Bhavika: Paper and sustainability go hand in hand

Bhavika of Beyondesign explains how the fundamentals of packaging have changed from aesthetics to functionality and sustainability

28 Nov 2020 | By WhatPackaging? Team

Bhavika of Beyondesign

The key aspects of sustainability
There are two important aspects that designers have successfully mastered. First, “Do more with less” and the other “Create with a purpose”. These two thought processes help brands achieve their goals, says Bhavika, founder and creative director, Beyondesign. Bhavika has been a part of several projects that have reduced packaging material, used sustainable material and has a few interesting projects in the pipeline for zero waste products, too. “There is a light at the end of the tunnel, as a lot of clients are now more aware and open,” she says.

Over the years, the words sustainability  and paper have gone hand-in-hand when it comes to innovation in packaging, but it has not gained commercial success yet. “Paper is truly one of the most sustainable options we have today, but of course with its drawbacks. With major companies taking the less travelled paper route, the fundamental idea that packaging only concerns good looks has been discarded and instead it has been replaced with the modern idea of sustainability and functionality.” A prominent factor that drives paper-based packaging is biodegradability.

Compared to its packaging counterpart plastic, paper is any day the better choice, but one cannot wait to have a more feasible, sturdy option available. “This is a huge gap and I am waiting to see the next breakthrough here in packaging design materials. Paper-based packaging may not be outright feasible, but as more and more companies embrace this product its cost may reduce. On the whole, the different market forces should together dive into this prospect for it to be successful.” 

Working in the time of Covid-19
Brands and converters are increasing the adoption of digital technologies to ease their artwork approval processes. And such digital exchanges have become even more prominent during these Covid-19 times. But can the industry shift to a completely online packaging design and artwork approval process?

According to Bhavika, one major drawback here would be the lack of human interaction as somewhere in the shackles of technology a sense of human touch is lost. “A digital system may speed up the approval process, but it builds a sense of solidarity and overall a potential human connection gets a blow. Colour, to me, is the big advantage in printed artwork approvals, anyone in particular will still want to see the swatch and make sure it holds the strength and the design needs, too.”

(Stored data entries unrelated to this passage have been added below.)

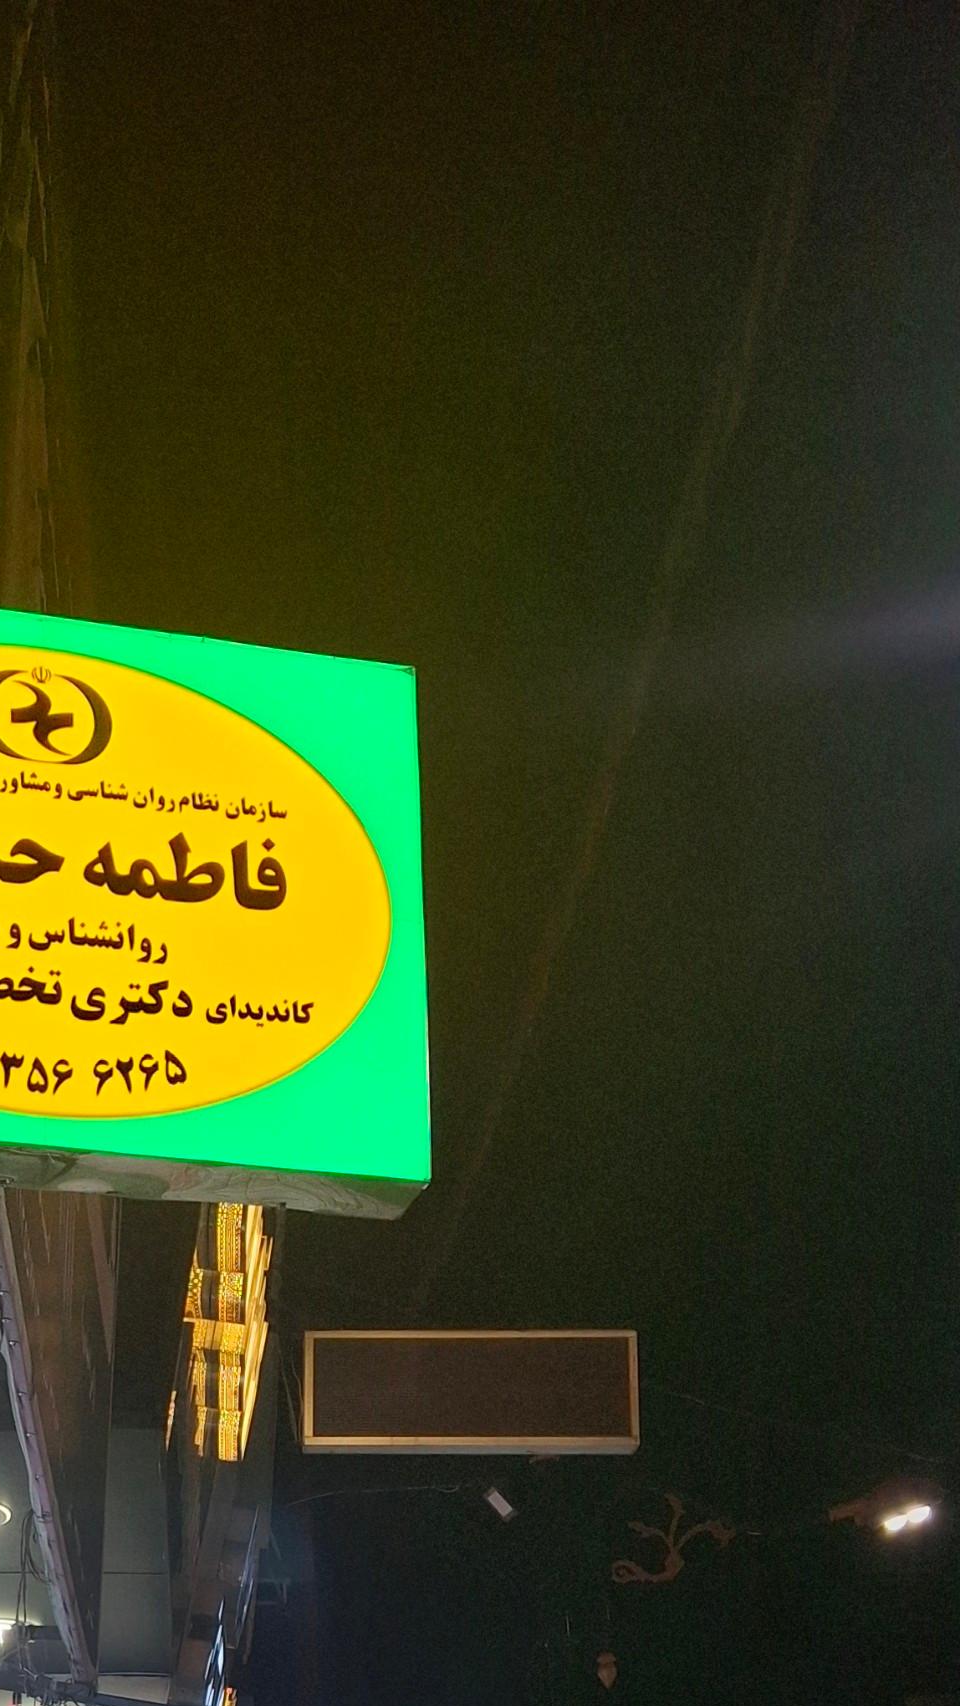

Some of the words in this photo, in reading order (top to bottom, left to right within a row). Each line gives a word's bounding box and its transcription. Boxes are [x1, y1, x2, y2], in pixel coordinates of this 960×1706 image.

[178, 791, 220, 813] نظام
[225, 797, 288, 823] سازمان
[82, 832, 288, 911] فاطمه
[6, 922, 22, 950] و
[28, 917, 168, 965] روانشناس
[70, 980, 194, 1026] دکتری
[205, 994, 314, 1028] کاندیدای
[0, 1051, 74, 1095] ۳۵۶
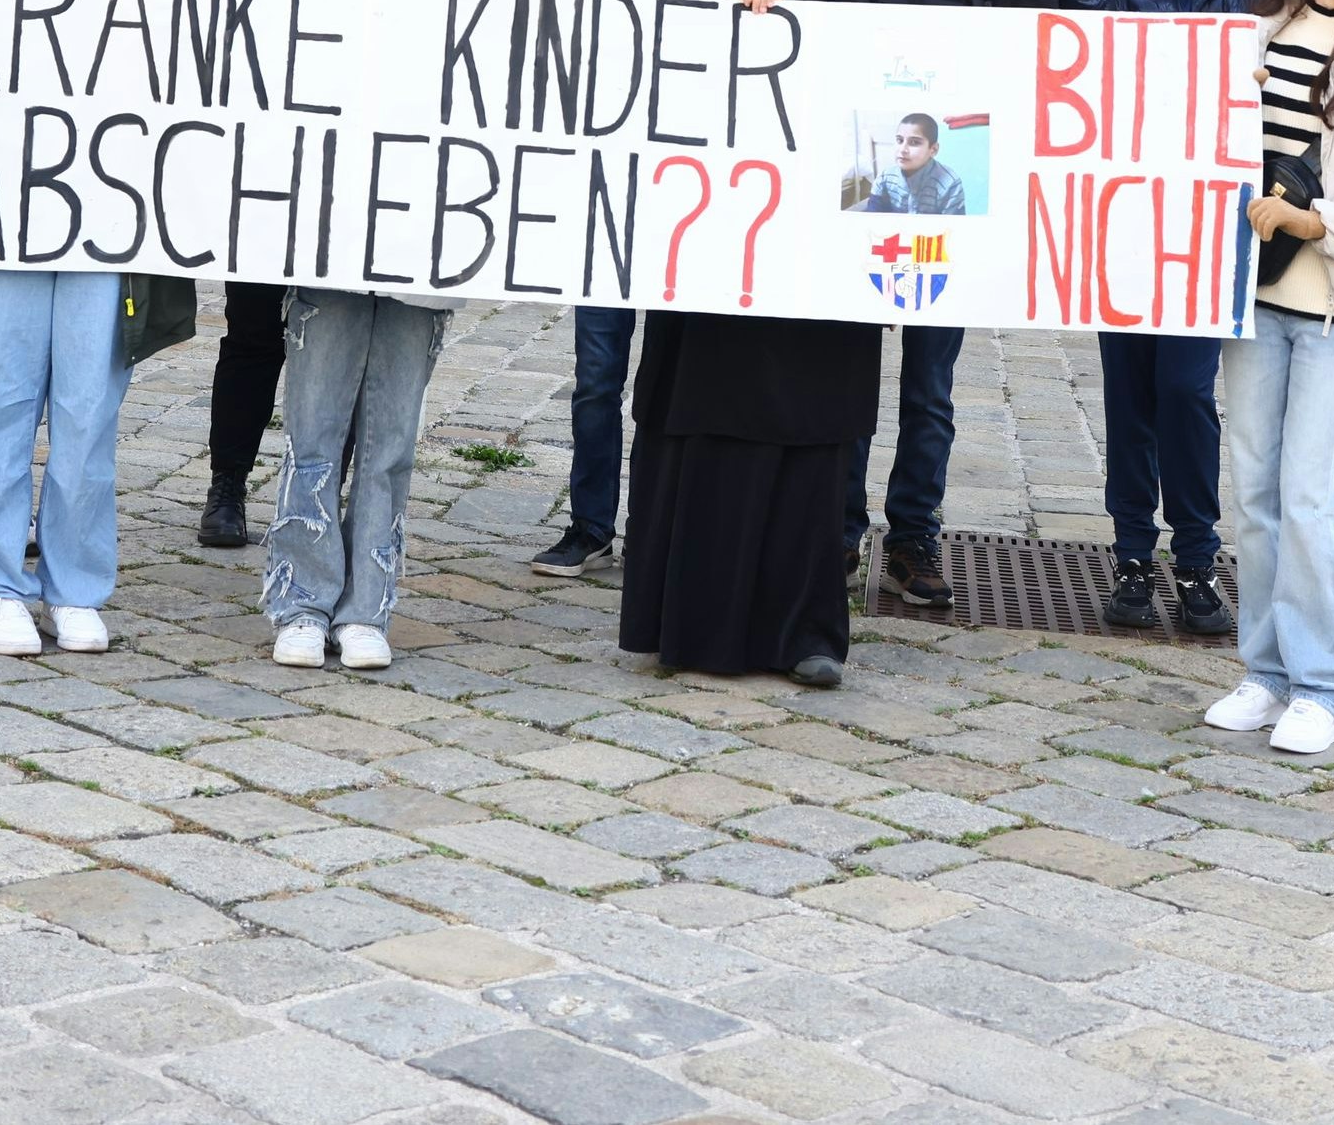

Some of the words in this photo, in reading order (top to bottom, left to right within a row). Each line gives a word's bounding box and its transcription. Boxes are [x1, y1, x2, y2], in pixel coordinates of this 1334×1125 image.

[1033, 12, 1264, 169] BITTE
[890, 263, 921, 272] FCB
[1026, 171, 1254, 339] NICHT!
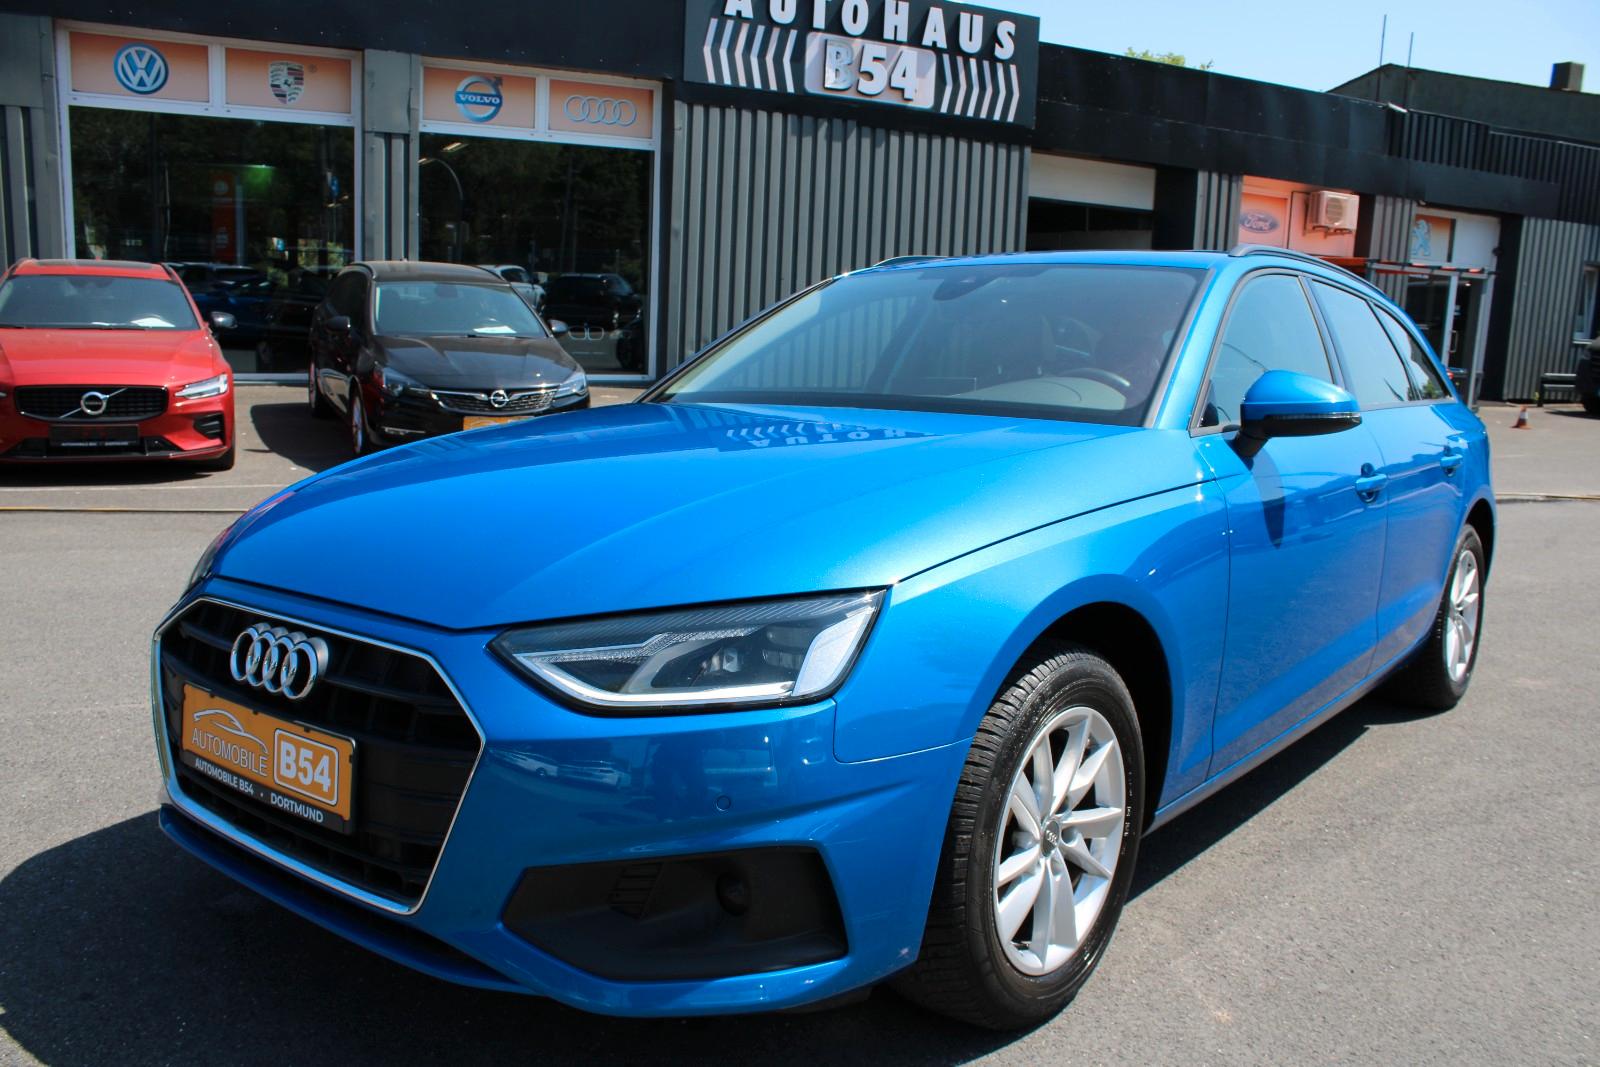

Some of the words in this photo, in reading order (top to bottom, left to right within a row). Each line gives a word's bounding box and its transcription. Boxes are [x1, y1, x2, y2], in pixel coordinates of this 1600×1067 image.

The Covid-19 situation engulfed worklife into uncertainty and for a while, everything seemed out of control. But this is the new normal and it’s safe to say that most companies have adapted well, says Bhavika. “Not much has changed in terms of the design development cycles. The meetings, idea approvals, and design conceptualisation have taken a virtual setting and brands have well understood the space and deadlines required.” In addition, a lot of businesses even used this lockdown phase to their advantage and new ideas were born in these unprecedented times.

“The two key aspects of packaging we designers have mastered are do more with less and create with a purpose.”

Social media – the way ahead
Social media is a great way of launching new products and brands have already honed the art of a virtual launch, says Bhavika. “We already have several clients who use digital mock-ups for sale and as the attraction whereas the actual package is a lot simpler. With the astoundingly large impact that social media can create, this was an obvious shift and Covid-19 may or may not have been the catalyst that drove this change.” In as much, this will trigger a shift towards creating an appearance that will keep social media as its core focus.

“I definitely feel like we will have design elements for the sole purpose of promotion and marketing soon to stay relevant and cost-effective. One way of judiciously attracting customers would be social media. It’s a medium that promotes a contactless appeal whilst caring for hygiene and safety.”

And hygiene has become a topmost priority for today’s consumers. “It is not a physical relationship, but an emotional connection,” says Bhavika. Simply put, clean eats, greener packaging and overall a feel of safety inside out help the mind see it as safe packaging. “The end goal of design is a sale and the minute the content and visual convey their essence and story, you have a winner.” 

The creative design specialist
Bhavika is the founder of an all woman design company, Beyondesign, which has been in the business for the last 16 years now. She is passionate about the design world and believes that design should be real, relatable and relevant. With two decades of experience in the industry, Bhavika has extensive teaching experience and has been a jury member at various design awards.